(Collected data)
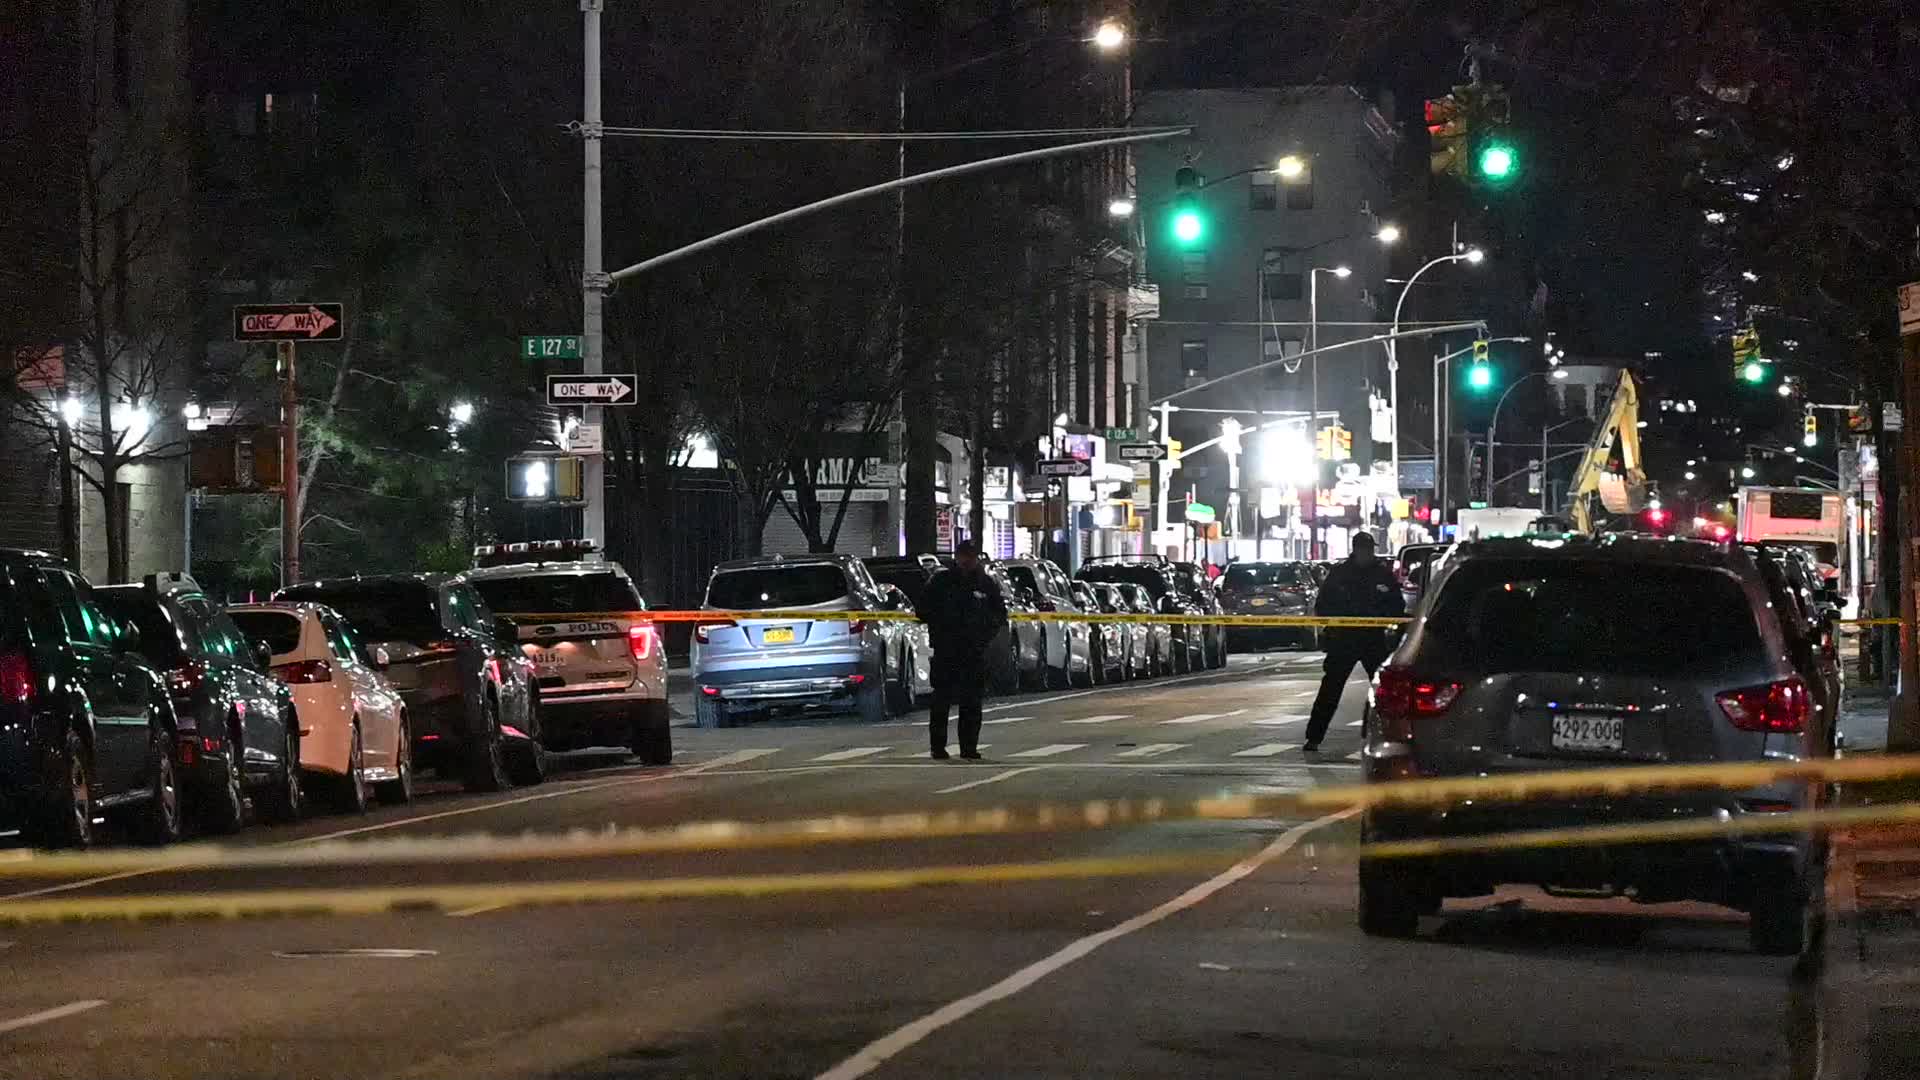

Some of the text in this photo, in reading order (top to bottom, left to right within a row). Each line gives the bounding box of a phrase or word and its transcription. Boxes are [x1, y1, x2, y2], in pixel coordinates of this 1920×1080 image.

[246, 315, 322, 330] ONE WAY
[528, 339, 536, 355] E
[543, 339, 561, 355] 127
[561, 385, 622, 396] ONE WAY
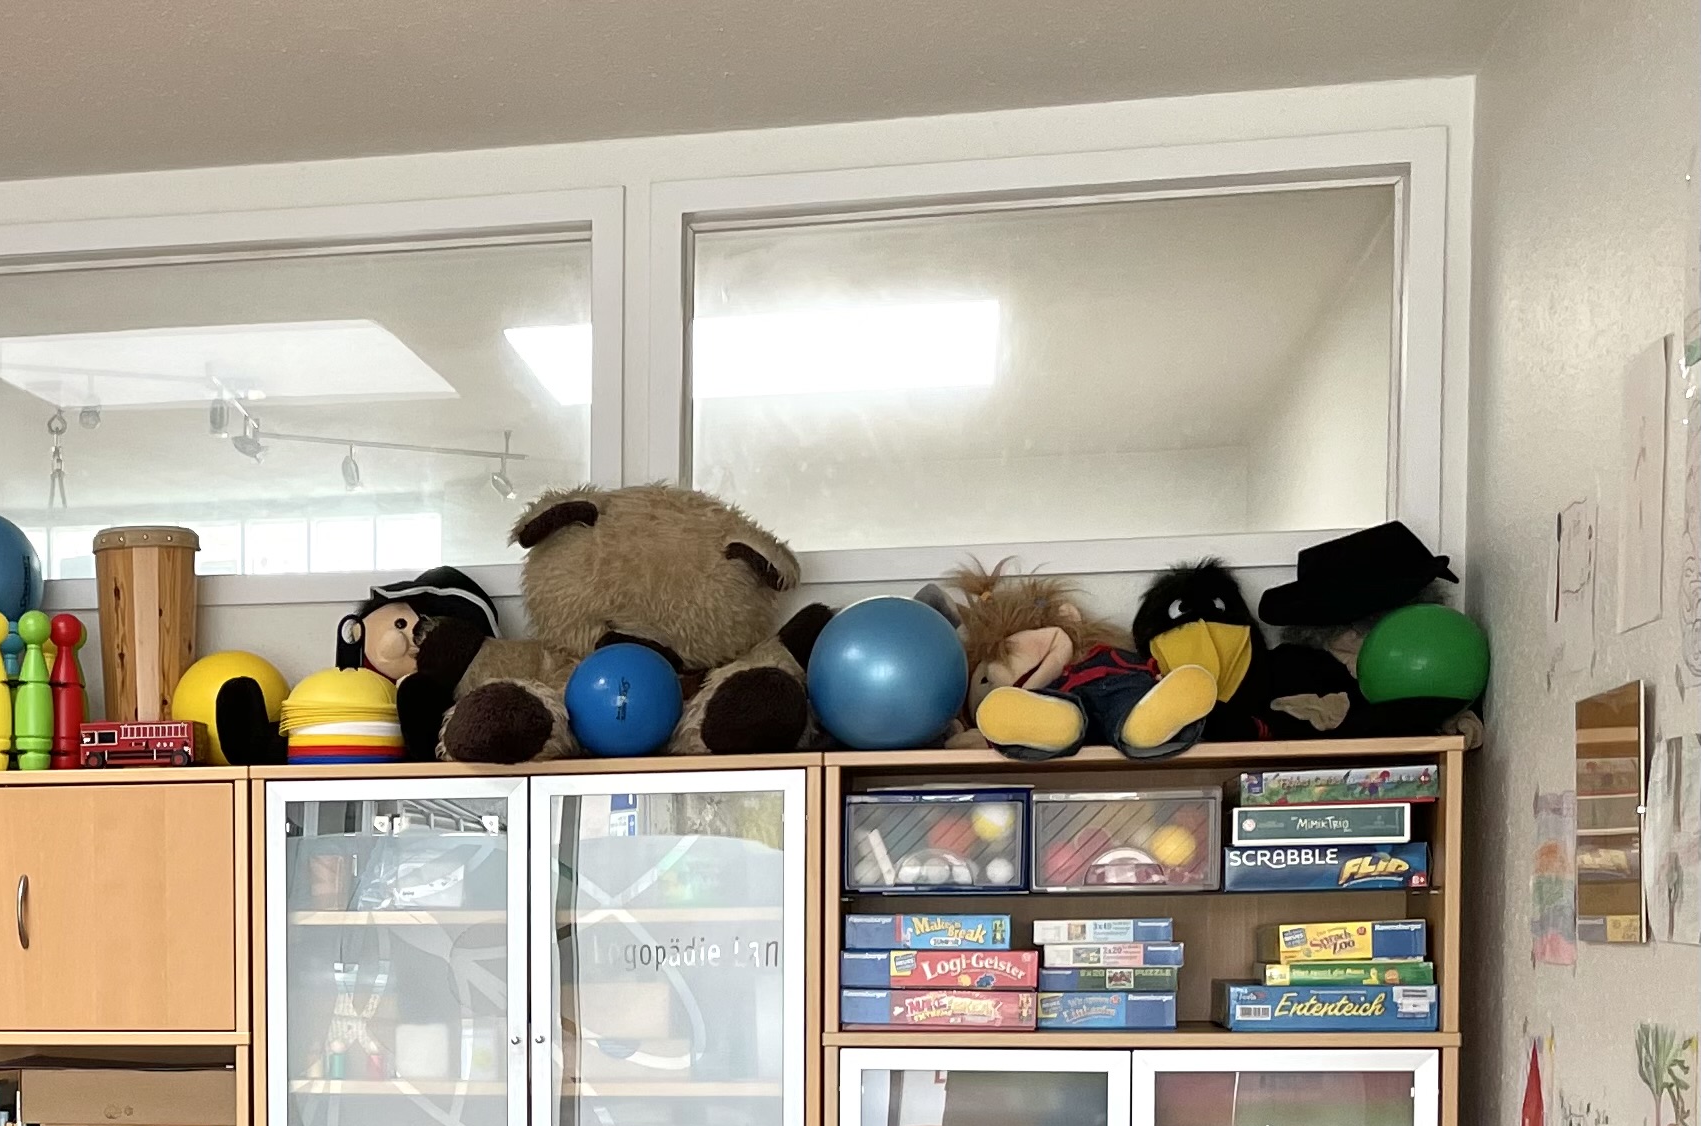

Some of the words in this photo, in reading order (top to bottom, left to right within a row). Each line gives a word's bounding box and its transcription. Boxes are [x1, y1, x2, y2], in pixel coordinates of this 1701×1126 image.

[1229, 848, 1339, 869] SCRABBLE
[947, 924, 987, 944] Break
[920, 952, 1026, 980] Logi-Geister
[1274, 992, 1386, 1017] Ententeich
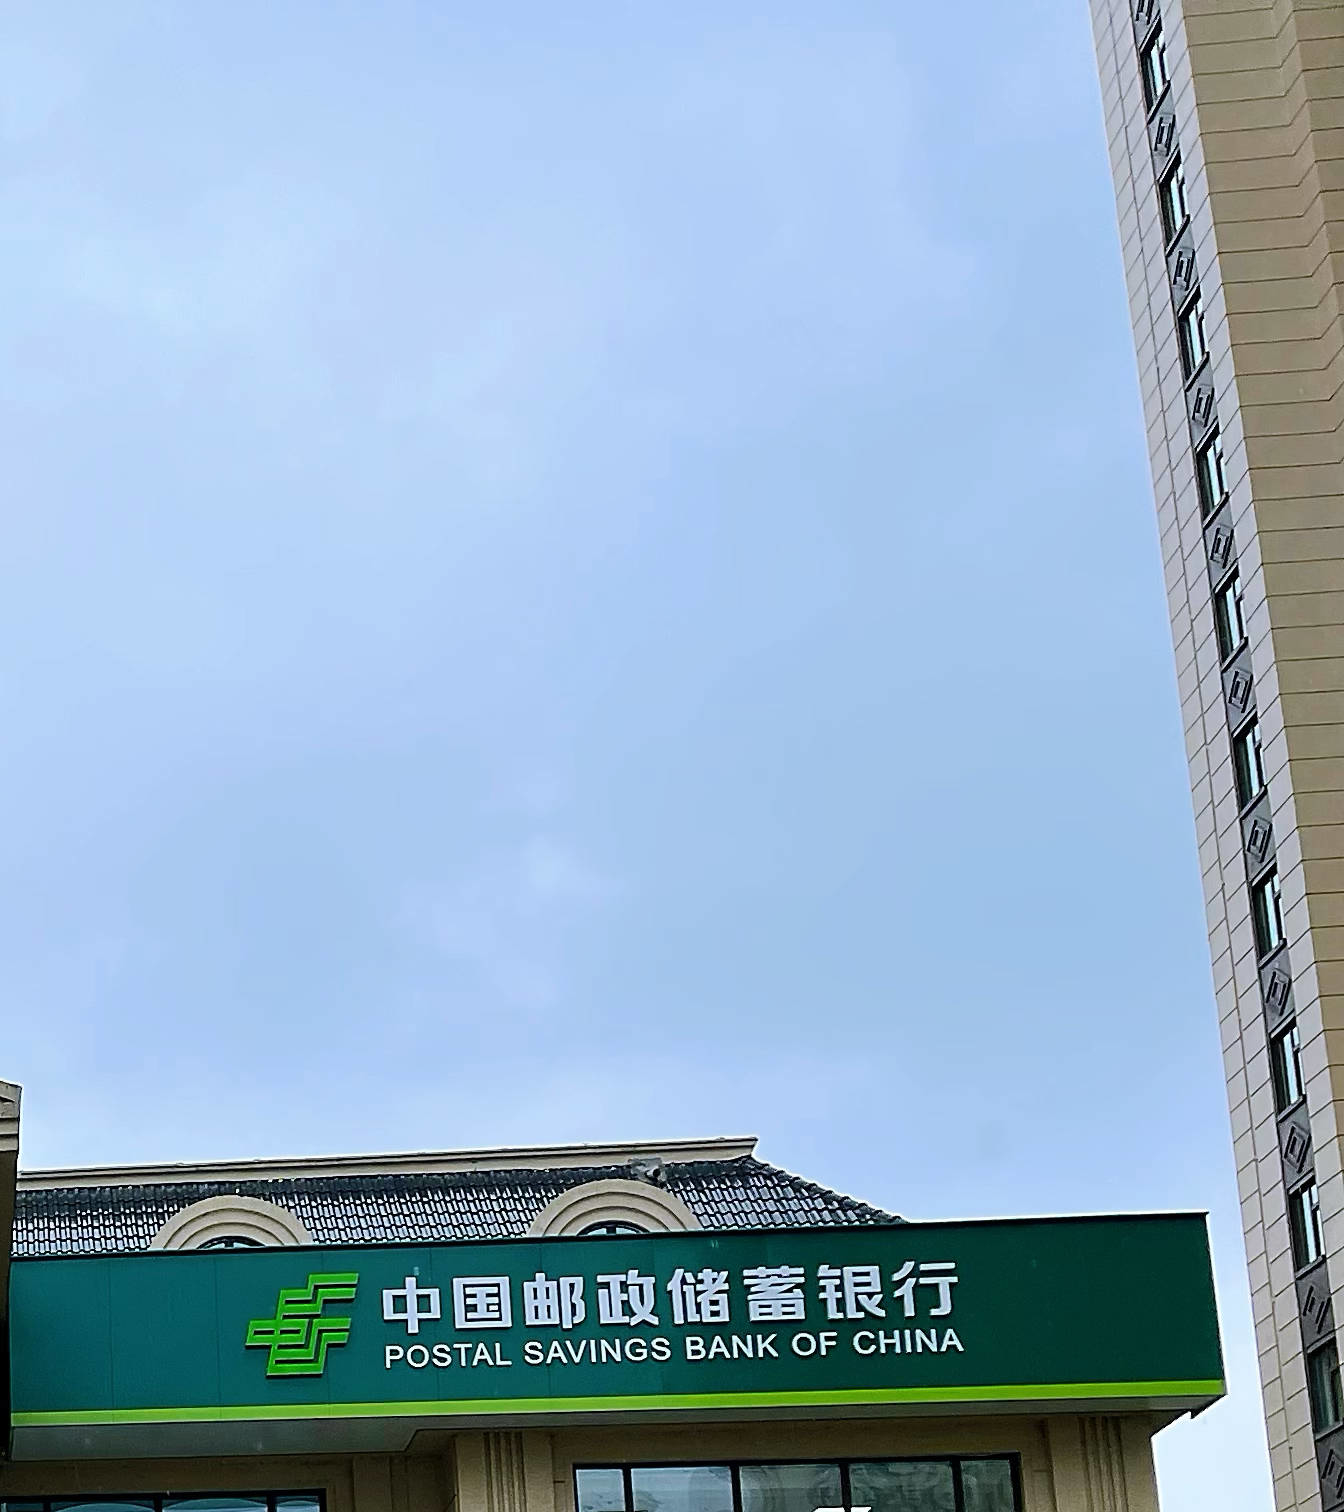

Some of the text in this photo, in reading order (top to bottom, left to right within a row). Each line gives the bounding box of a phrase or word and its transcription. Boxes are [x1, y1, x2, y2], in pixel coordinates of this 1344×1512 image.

[381, 1259, 960, 1335] 中国邮政储蓄银行
[384, 1327, 966, 1370] POSTAL SAVINGS BANK OF CHINA
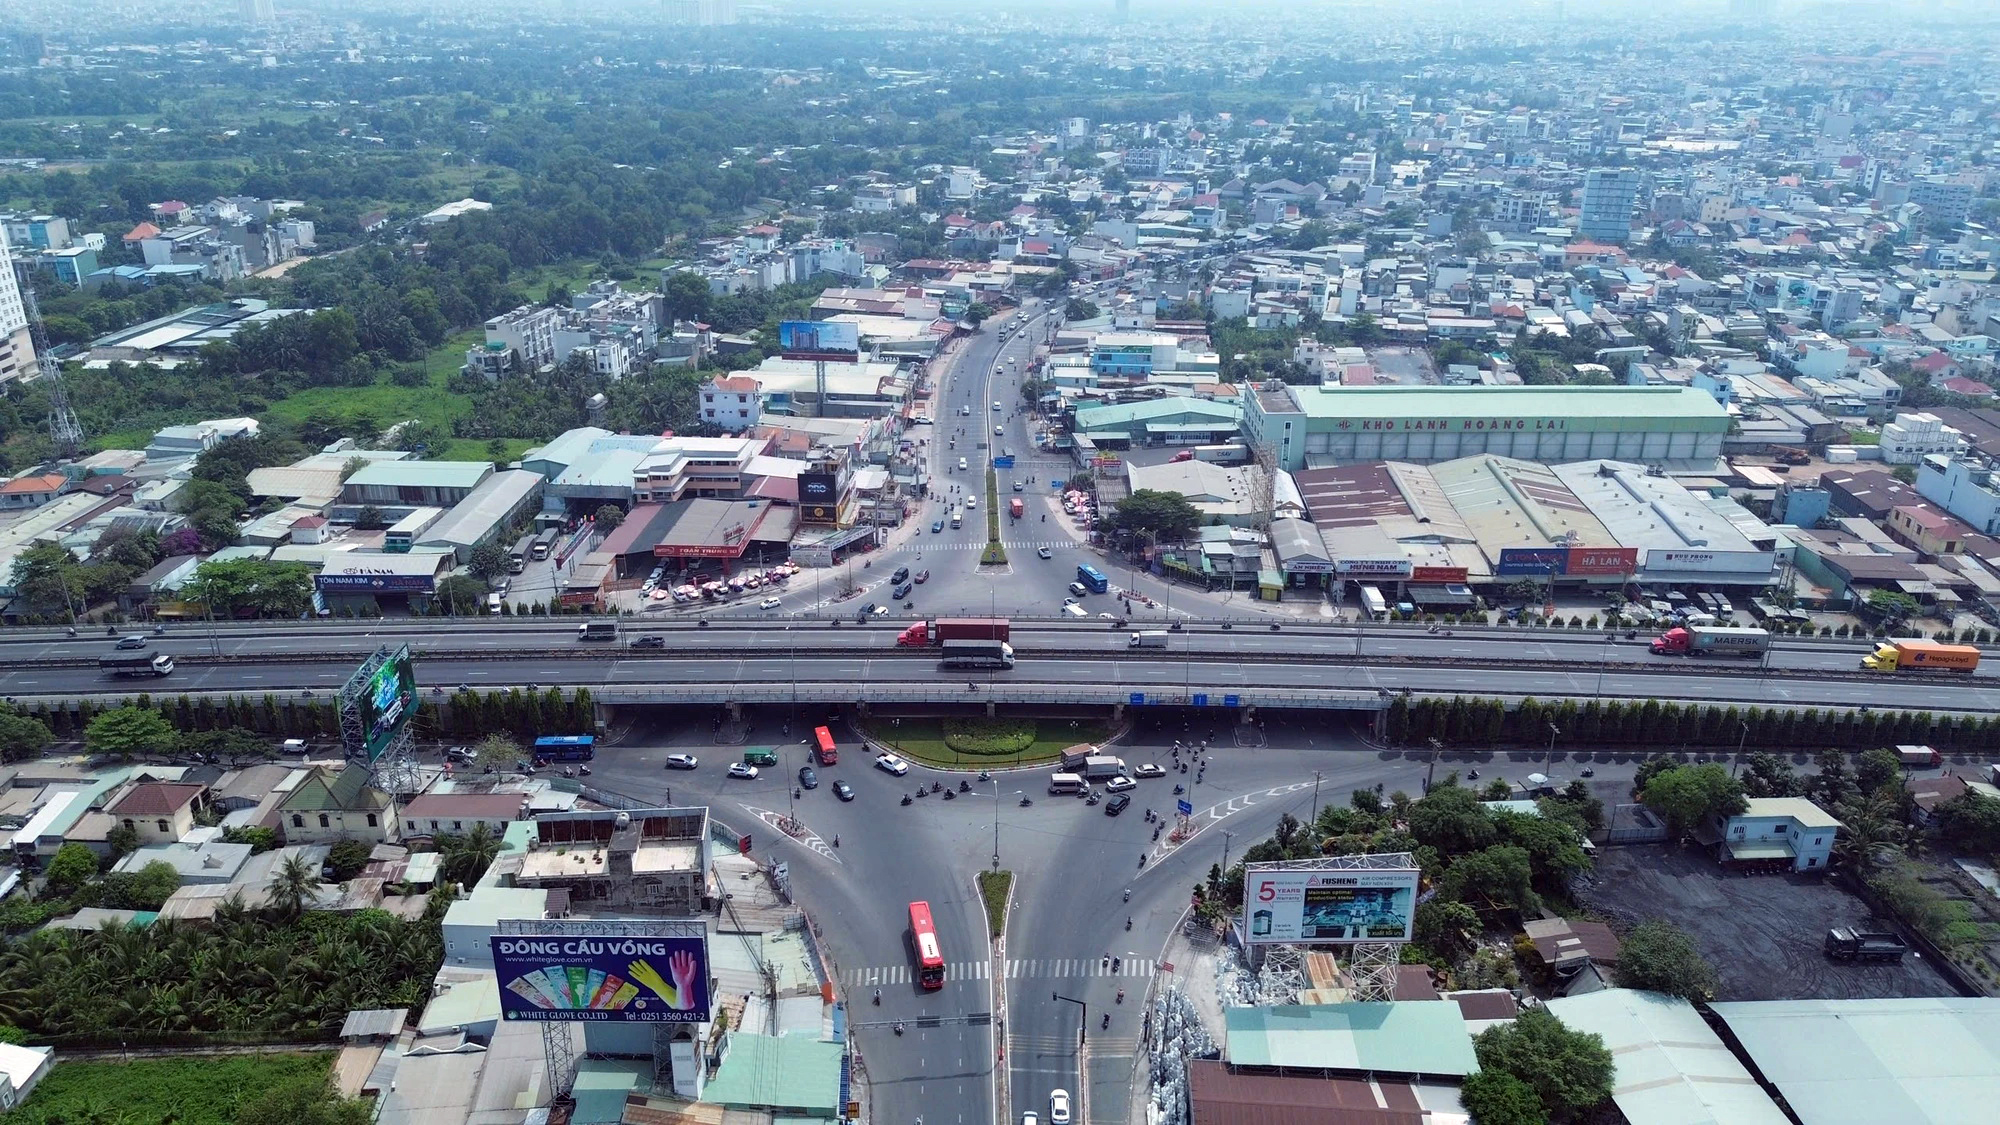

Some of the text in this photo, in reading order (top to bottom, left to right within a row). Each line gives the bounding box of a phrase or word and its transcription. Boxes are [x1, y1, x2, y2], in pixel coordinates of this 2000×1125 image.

[EXERCISE INSTRUCTIONS]
Exactly the lines from the one holding "Some of the words" through the last line of the entries, both included, are to be duplicated; leave the pictures out.

[RESULT OF THE EXERCISE]
Some of the words in this photo, in reading order (top to bottom, left to right within a row). Each line gives a word's bounding box and its transcription. Boxes are [x1, y1, x2, y2], in pixel coordinates of this 1701×1126 image.

[1229, 848, 1339, 869] SCRABBLE
[947, 924, 987, 944] Break
[920, 952, 1026, 980] Logi-Geister
[1274, 992, 1386, 1017] Ententeich

Some of the text in this photo, in reading order (top to bottom, left to right within a row). Each line gives the bounding box of a phrase or word and its transcription. Boxes are [x1, y1, x2, y2], in pixel coordinates of this 1344×1512 image.

[381, 1259, 960, 1335] 中国邮政储蓄银行
[384, 1327, 966, 1370] POSTAL SAVINGS BANK OF CHINA

Some of the text in this photo, in reading order (top to bottom, left to right within a row). Each line gives the bounding box of a phrase or word and its transcription. Boxes are [x1, y1, x2, y2], in pixel coordinates of this 2000×1125 image.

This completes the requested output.